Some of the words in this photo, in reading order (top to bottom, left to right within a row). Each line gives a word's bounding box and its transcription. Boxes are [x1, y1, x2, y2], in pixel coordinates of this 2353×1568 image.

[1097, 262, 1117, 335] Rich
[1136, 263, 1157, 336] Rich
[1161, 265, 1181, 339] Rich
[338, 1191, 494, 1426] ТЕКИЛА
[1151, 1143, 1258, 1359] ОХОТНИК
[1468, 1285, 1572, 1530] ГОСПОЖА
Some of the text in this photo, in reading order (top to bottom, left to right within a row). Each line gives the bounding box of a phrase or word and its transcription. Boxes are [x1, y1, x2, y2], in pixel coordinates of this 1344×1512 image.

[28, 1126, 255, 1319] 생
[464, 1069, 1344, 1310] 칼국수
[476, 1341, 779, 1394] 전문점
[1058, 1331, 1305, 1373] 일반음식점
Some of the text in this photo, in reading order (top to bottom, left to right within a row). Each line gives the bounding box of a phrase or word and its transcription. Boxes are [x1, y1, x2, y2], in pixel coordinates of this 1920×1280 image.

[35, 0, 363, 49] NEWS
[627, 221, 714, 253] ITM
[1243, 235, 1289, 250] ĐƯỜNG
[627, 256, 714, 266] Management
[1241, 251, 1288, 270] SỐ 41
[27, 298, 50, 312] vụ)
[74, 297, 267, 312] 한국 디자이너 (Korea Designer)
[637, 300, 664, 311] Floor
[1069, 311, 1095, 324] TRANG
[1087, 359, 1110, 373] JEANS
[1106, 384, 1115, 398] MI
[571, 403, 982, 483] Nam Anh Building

☆ ☆ ☆ ☆ ☆ ☆ ☆

_TASK DIRECTIONS:_ Reproduce every entry above exactly as it was written.

_SOLUTION:_
Some of the words in this photo, in reading order (top to bottom, left to right within a row). Each line gives a word's bounding box and its transcription. Boxes are [x1, y1, x2, y2], in pixel coordinates of this 2353×1568 image.

[1097, 262, 1117, 335] Rich
[1136, 263, 1157, 336] Rich
[1161, 265, 1181, 339] Rich
[338, 1191, 494, 1426] ТЕКИЛА
[1151, 1143, 1258, 1359] ОХОТНИК
[1468, 1285, 1572, 1530] ГОСПОЖА
Some of the text in this photo, in reading order (top to bottom, left to right within a row). Each line gives the bounding box of a phrase or word and its transcription. Boxes are [x1, y1, x2, y2], in pixel coordinates of this 1344×1512 image.

[28, 1126, 255, 1319] 생
[464, 1069, 1344, 1310] 칼국수
[476, 1341, 779, 1394] 전문점
[1058, 1331, 1305, 1373] 일반음식점
Some of the text in this photo, in reading order (top to bottom, left to right within a row). Each line gives the bounding box of a phrase or word and its transcription. Boxes are [x1, y1, x2, y2], in pixel coordinates of this 1920×1280 image.

[35, 0, 363, 49] NEWS
[627, 221, 714, 253] ITM
[1243, 235, 1289, 250] ĐƯỜNG
[627, 256, 714, 266] Management
[1241, 251, 1288, 270] SỐ 41
[27, 298, 50, 312] vụ)
[74, 297, 267, 312] 한국 디자이너 (Korea Designer)
[637, 300, 664, 311] Floor
[1069, 311, 1095, 324] TRANG
[1087, 359, 1110, 373] JEANS
[1106, 384, 1115, 398] MI
[571, 403, 982, 483] Nam Anh Building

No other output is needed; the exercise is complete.